Wednesday, August 17, 2011

Friend isnt a competitor

Yea, Exams finally over! should i celebrate? -,- failed. What should i do..? I dono should i continue like this or ... we seems stranger outside yet inside was so good friend. Who are we? I assume that we are friends, but do you? Day pass day, you make me feel that you are selfish. You dont aware that we knows what going on 101% of you. Nah maybe not so much, but still we know you. Hiding isnt the best. Lying makes you lie forever. To keep your reason, you give us a false hope of you. Thinking that day pass day, you are so good that we think you wasnt. Which side of you we should believe? They tell me about you, i thought it was a lie. After testing you, actually what they said is true. I just foolishly believe you, Believe what's going on to you, Believe everything you tell me, Believe everything you lied to me. So what's more you telling me? When you are quiet, i feel you are scary. Whenever you play, i can feel something behind you which couldnt be told. Are this counted a friend or a bestfriend, or partner? Maybe just nothing but strangers. Which step should i go? The Cruel or Kind? But you just dont suit the "Kind" but.. Nah mind, leave everything the best. But still, whenever i go, there's some cuts between me and you which makes us get together. Why cant i like the others, which have no linked to you. Why cant we just be strangers but not friend. Till now, 3 years passes.

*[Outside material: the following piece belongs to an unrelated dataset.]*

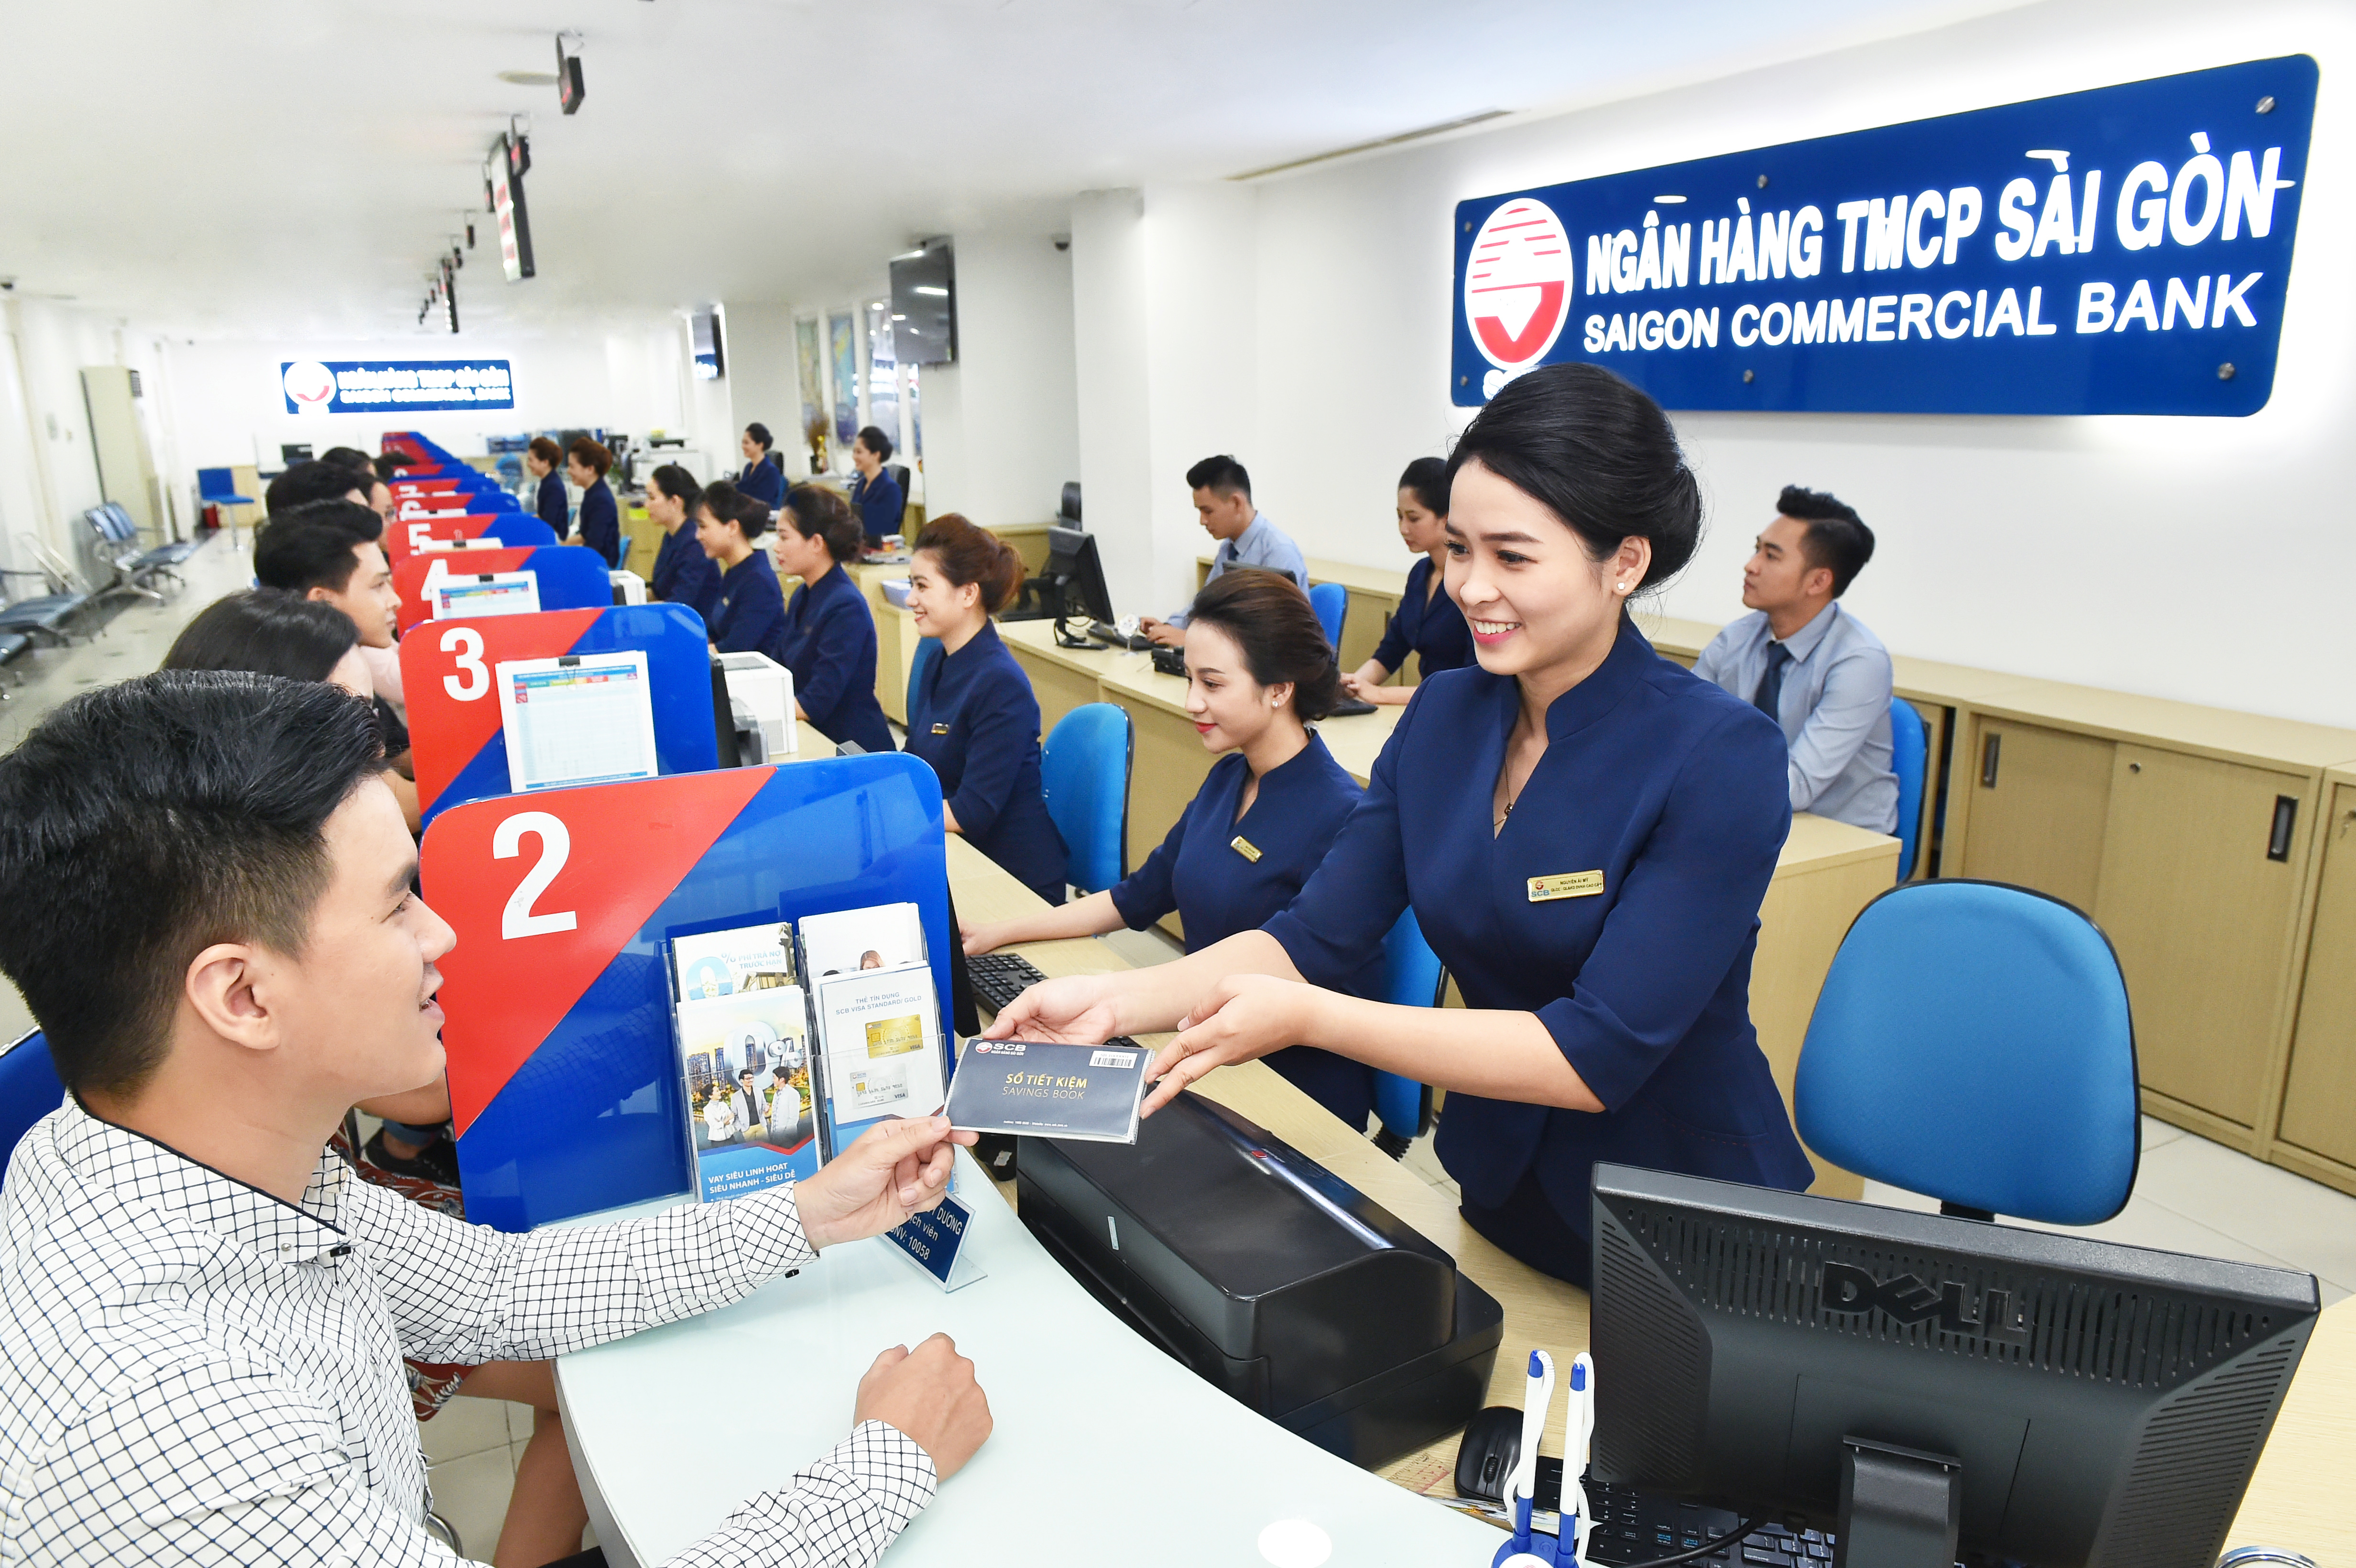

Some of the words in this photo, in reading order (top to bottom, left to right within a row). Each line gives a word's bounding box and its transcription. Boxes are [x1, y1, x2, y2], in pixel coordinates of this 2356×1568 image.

I know everything you have. If wasnt teacher started this conversation, will i know till graduation? Or forever? Asking you question, you tell me this and that. Answers, are still not answered. Hiding everything, only you knows about it. Thinking that i was being bias, looking down on you. I am enough. Thinking that, What about 3 years back? Who are you to me? till now, maybe is nothing, huh? I know it's cruel but "friend isnt your competitor" you just dont understand this quote.